• _DATA LISTING_
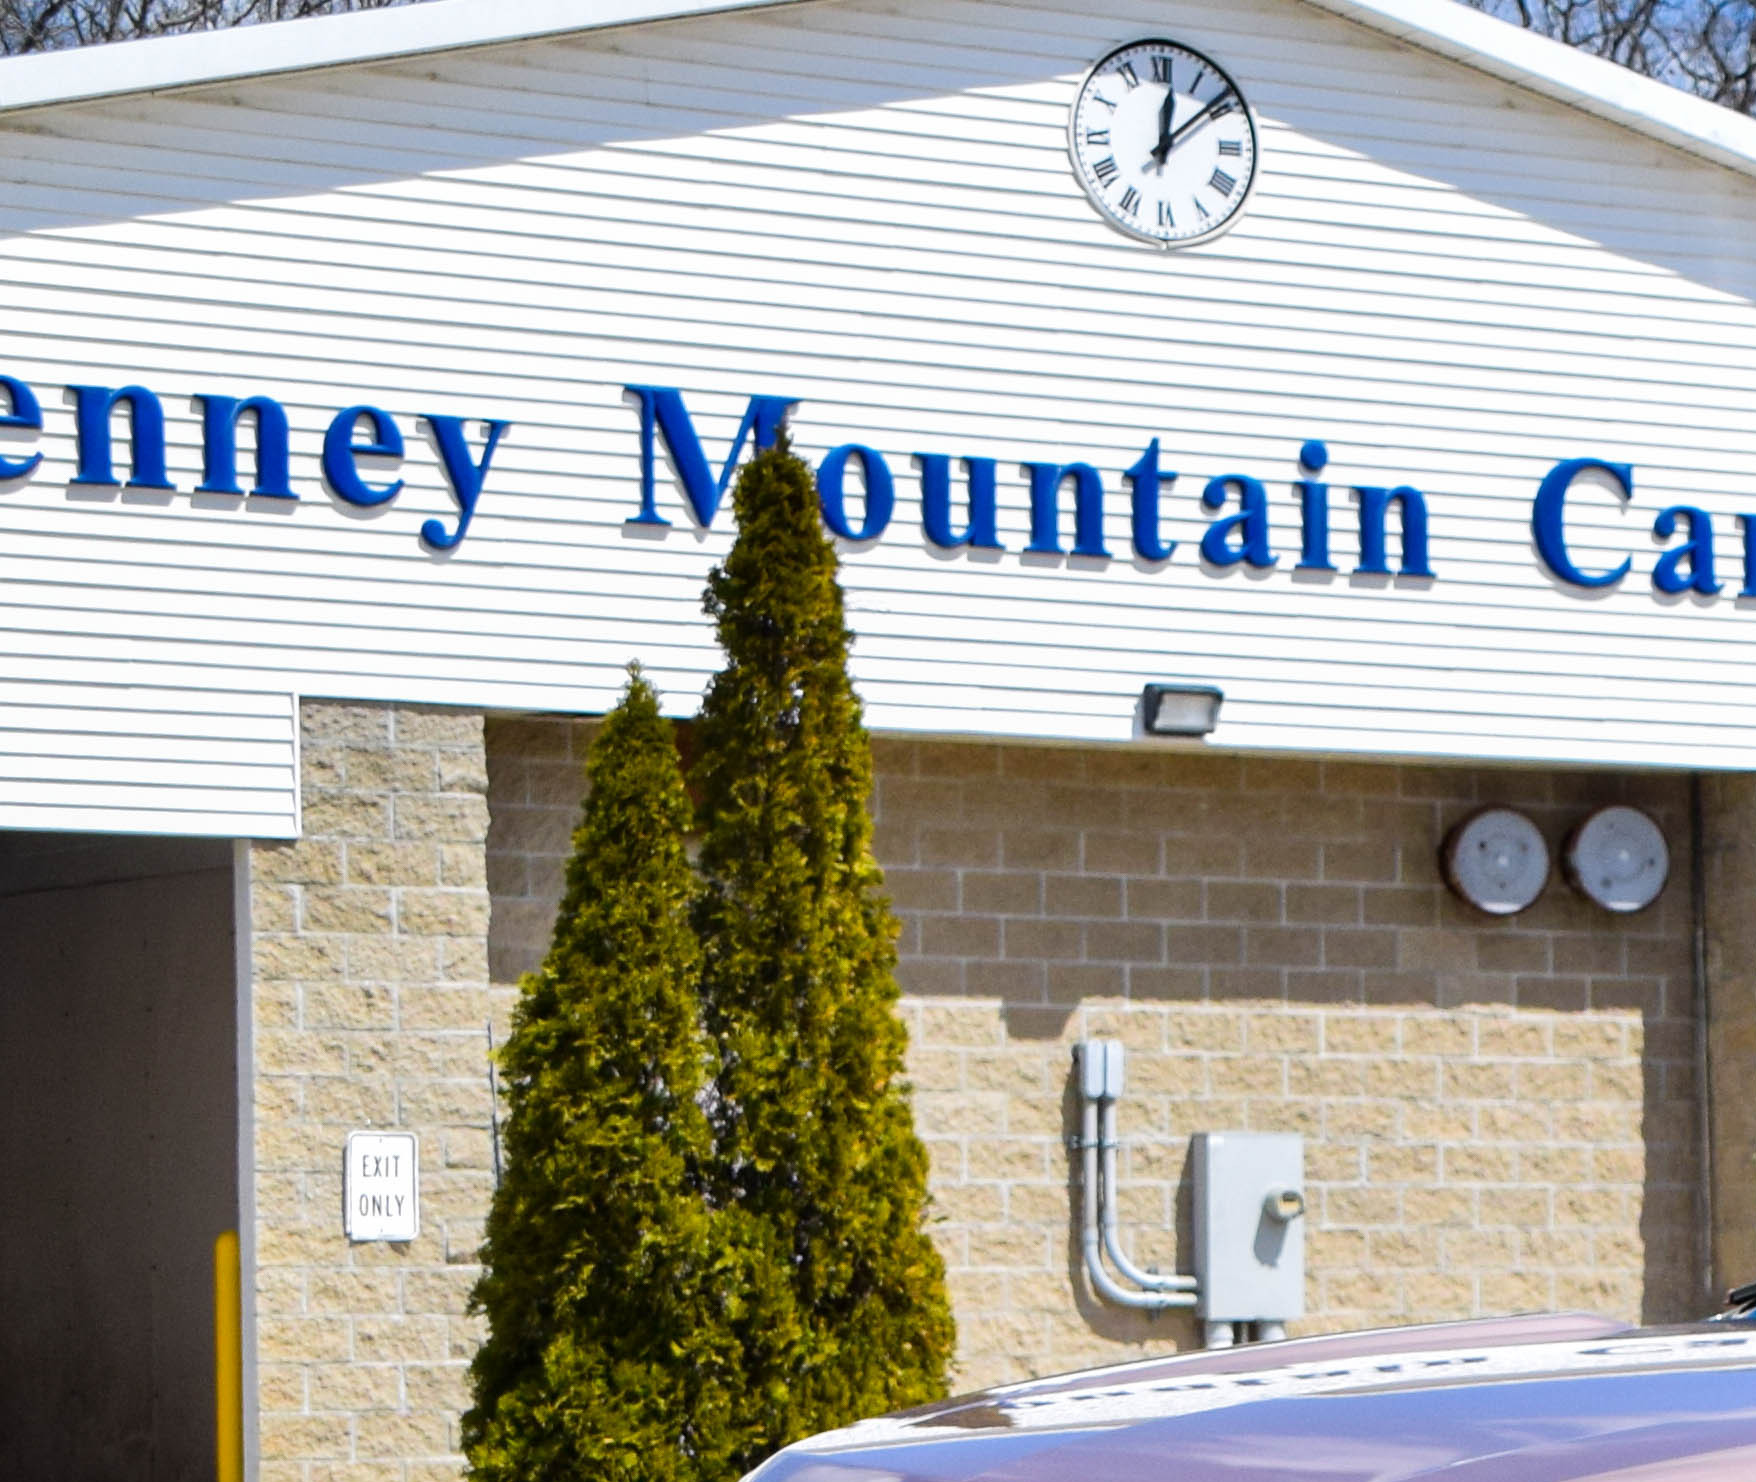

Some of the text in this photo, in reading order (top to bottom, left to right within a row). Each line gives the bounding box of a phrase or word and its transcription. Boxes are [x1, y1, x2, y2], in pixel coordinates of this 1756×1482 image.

[1150, 56, 1173, 83] XII
[1218, 139, 1242, 157] III
[623, 383, 1435, 576] Mountain
[362, 1154, 400, 1178] EXIT
[359, 1193, 405, 1217] ONLY
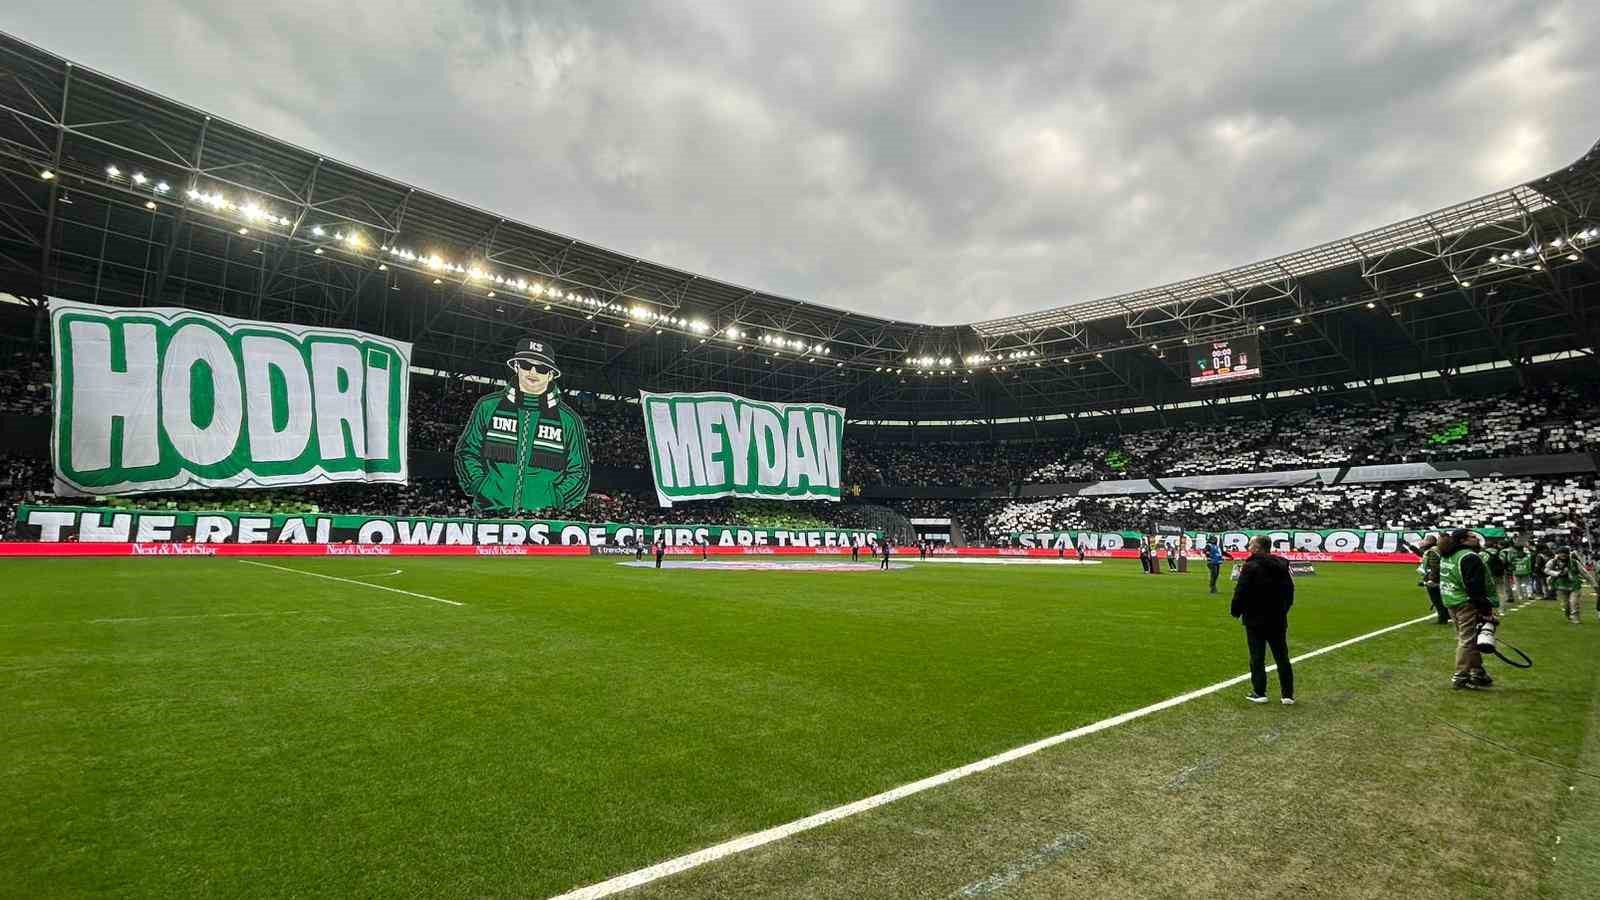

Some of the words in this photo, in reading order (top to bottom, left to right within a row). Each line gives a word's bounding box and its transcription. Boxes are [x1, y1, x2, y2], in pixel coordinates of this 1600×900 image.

[529, 341, 544, 352] KS
[492, 416, 518, 433] UNI
[537, 424, 562, 442] HM
[650, 401, 840, 488] MEYDAN
[28, 511, 176, 543] THE
[194, 515, 332, 544] REAL
[358, 519, 550, 545] OWNERS
[561, 525, 607, 546] OF
[719, 529, 767, 546] ARE
[775, 531, 821, 547] THE
[825, 532, 879, 547] FANS
[131, 543, 159, 555] Next
[160, 544, 169, 554] &
[171, 543, 217, 555] NextStar
[1019, 533, 1124, 550] STAND
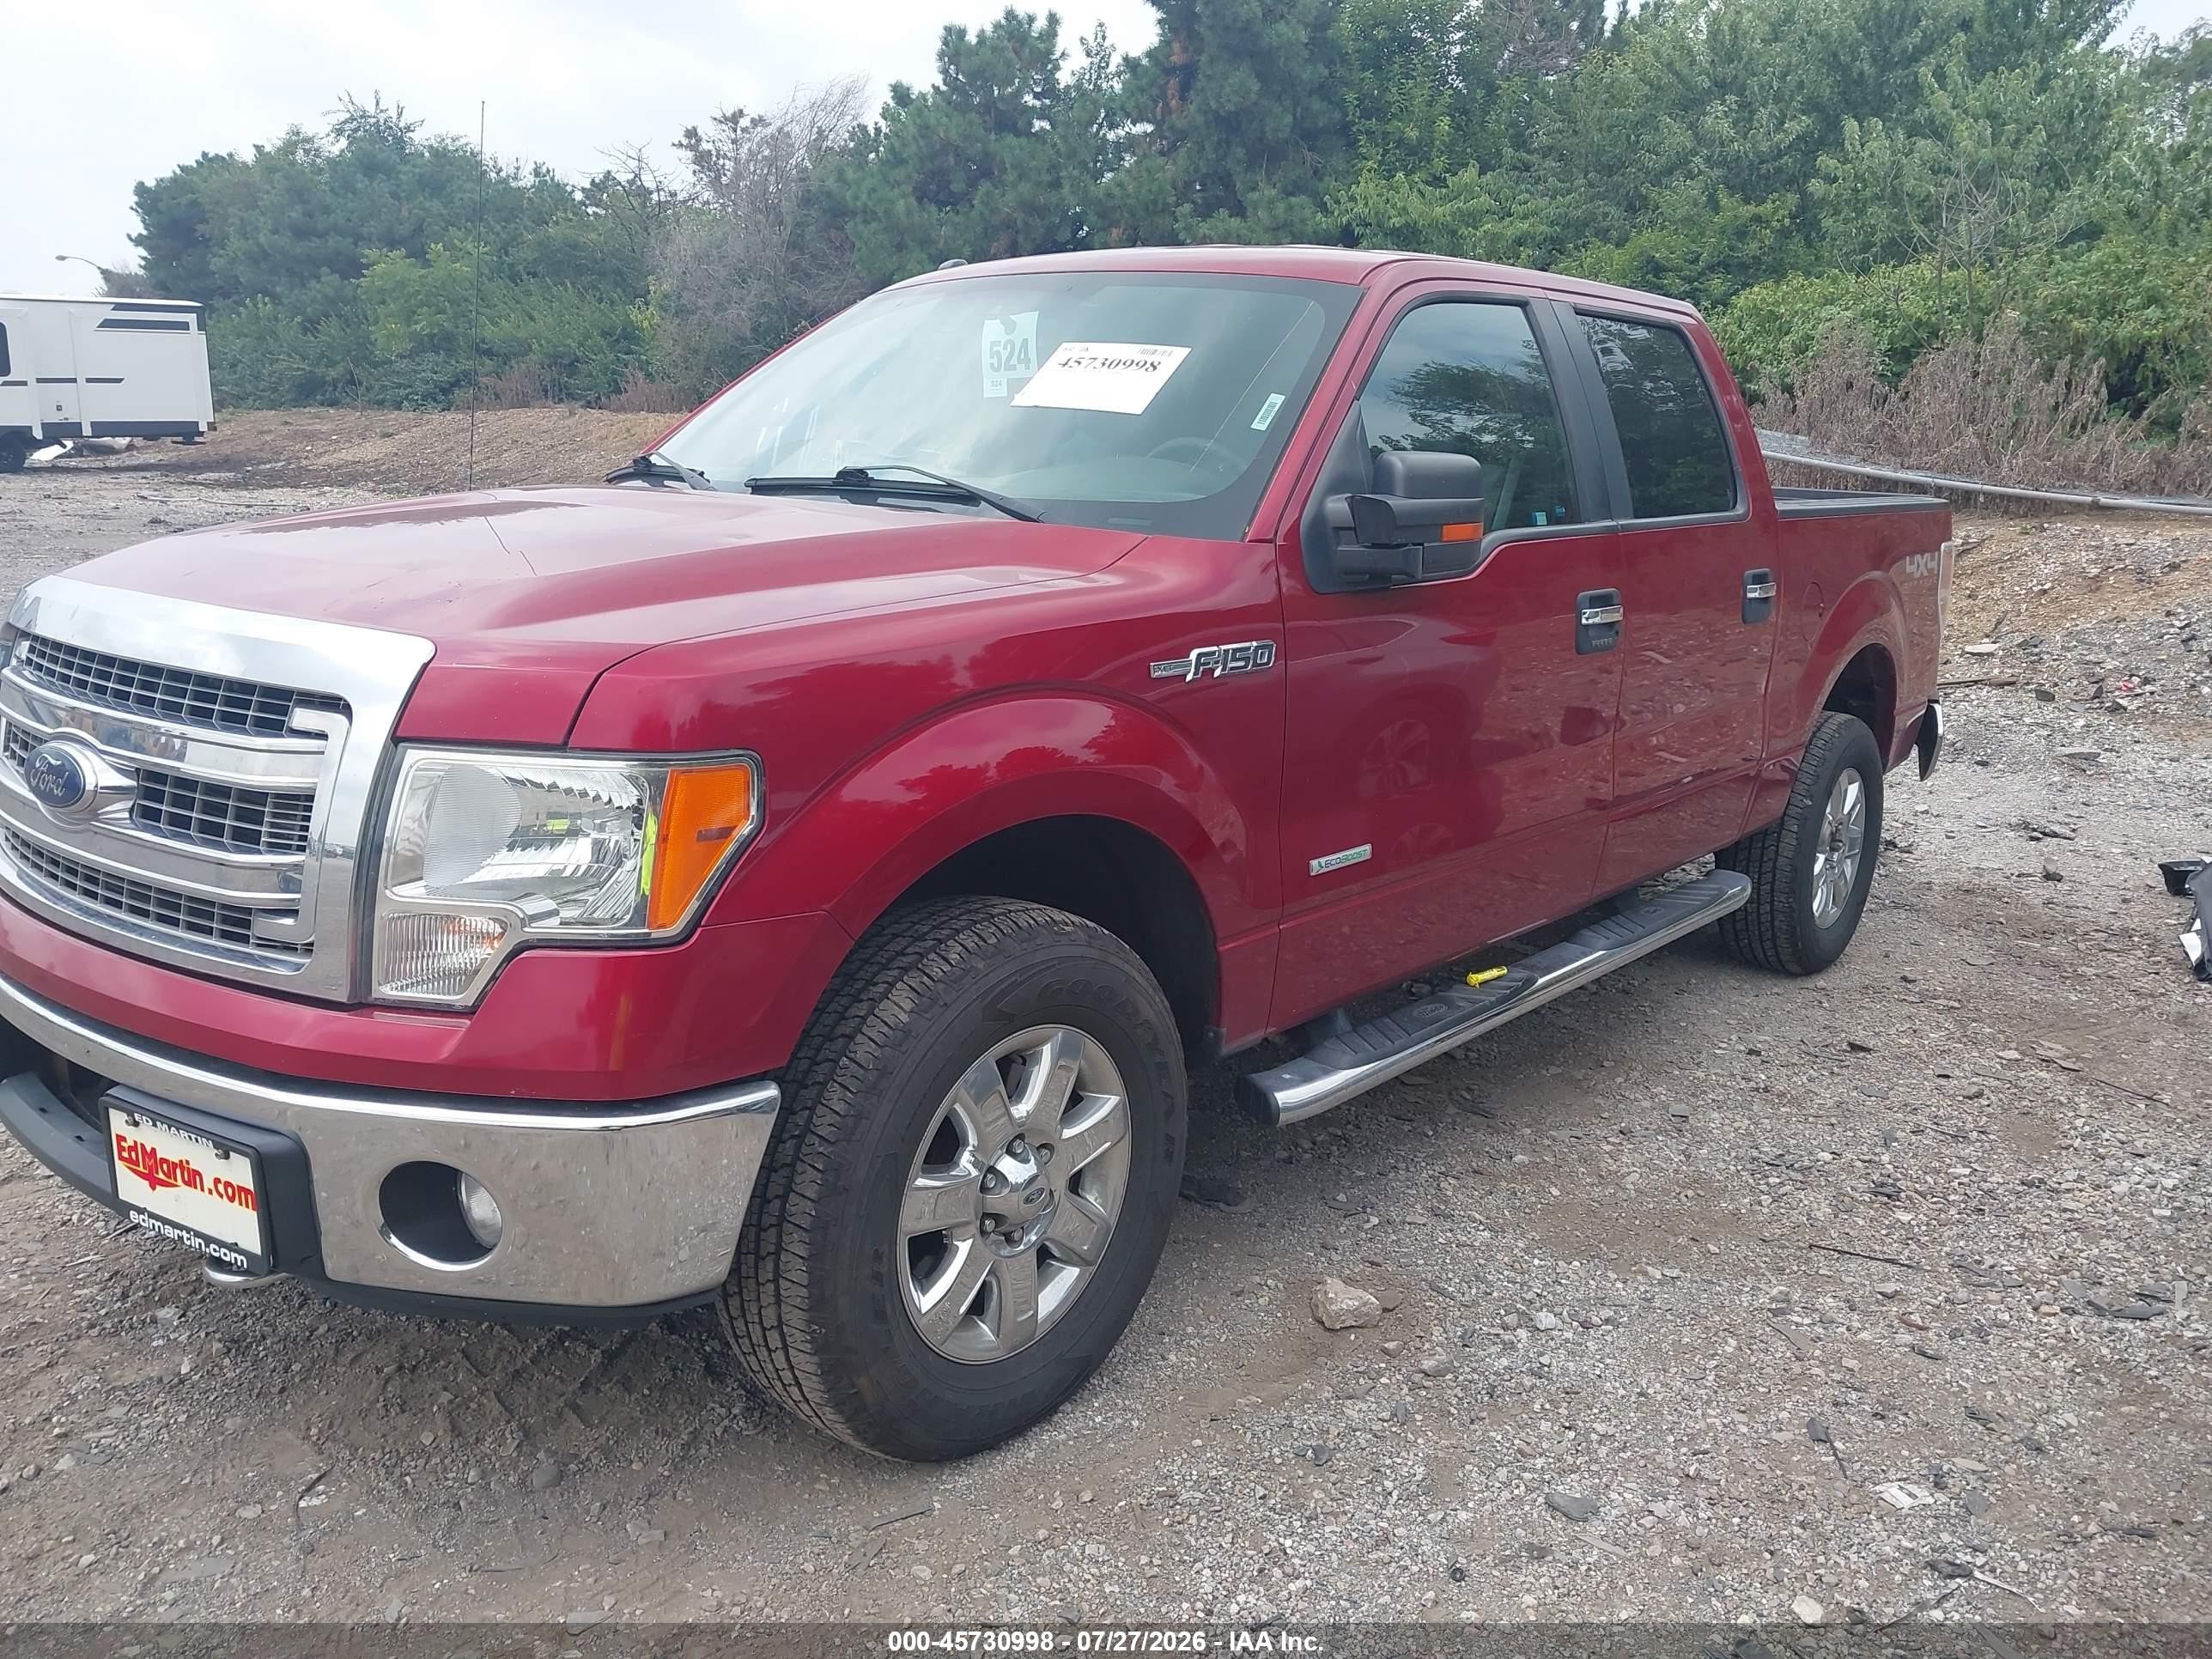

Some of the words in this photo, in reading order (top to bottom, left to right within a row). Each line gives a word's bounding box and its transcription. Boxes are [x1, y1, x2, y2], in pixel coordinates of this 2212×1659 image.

[989, 337, 1031, 373] 524
[1058, 357, 1162, 373] 45730998
[30, 753, 69, 797] Ford
[1324, 848, 1368, 868] ECOBOOST
[134, 1114, 153, 1127] ED
[156, 1121, 214, 1149] MARTIN
[129, 1209, 247, 1269] edmartin.com

• _ASSIGNMENT_
Your answer must be an exact copy of the records, with no pictures in it.

• _ANSWER TO THE EXERCISE_
Some of the text in this photo, in reading order (top to bottom, left to right within a row). Each line gives the bounding box of a phrase or word and its transcription. Boxes are [x1, y1, x2, y2], in pixel coordinates of this 1756×1482 image.

[1150, 56, 1173, 83] XII
[1218, 139, 1242, 157] III
[623, 383, 1435, 576] Mountain
[362, 1154, 400, 1178] EXIT
[359, 1193, 405, 1217] ONLY

Some of the words in this photo, in reading order (top to bottom, left to right within a row). Each line gives a word's bounding box and its transcription. Boxes are [x1, y1, x2, y2], in pixel coordinates of this 1600×900 image.

[529, 341, 544, 352] KS
[492, 416, 518, 433] UNI
[537, 424, 562, 442] HM
[650, 401, 840, 488] MEYDAN
[28, 511, 176, 543] THE
[194, 515, 332, 544] REAL
[358, 519, 550, 545] OWNERS
[561, 525, 607, 546] OF
[719, 529, 767, 546] ARE
[775, 531, 821, 547] THE
[825, 532, 879, 547] FANS
[131, 543, 159, 555] Next
[160, 544, 169, 554] &
[171, 543, 217, 555] NextStar
[1019, 533, 1124, 550] STAND

Some of the words in this photo, in reading order (top to bottom, left to right within a row). Each line gives a word's bounding box and its transcription. Boxes are [x1, y1, x2, y2], in pixel coordinates of this 2212×1659 image.

[989, 337, 1031, 373] 524
[1058, 357, 1162, 373] 45730998
[30, 753, 69, 797] Ford
[1324, 848, 1368, 868] ECOBOOST
[134, 1114, 153, 1127] ED
[156, 1121, 214, 1149] MARTIN
[129, 1209, 247, 1269] edmartin.com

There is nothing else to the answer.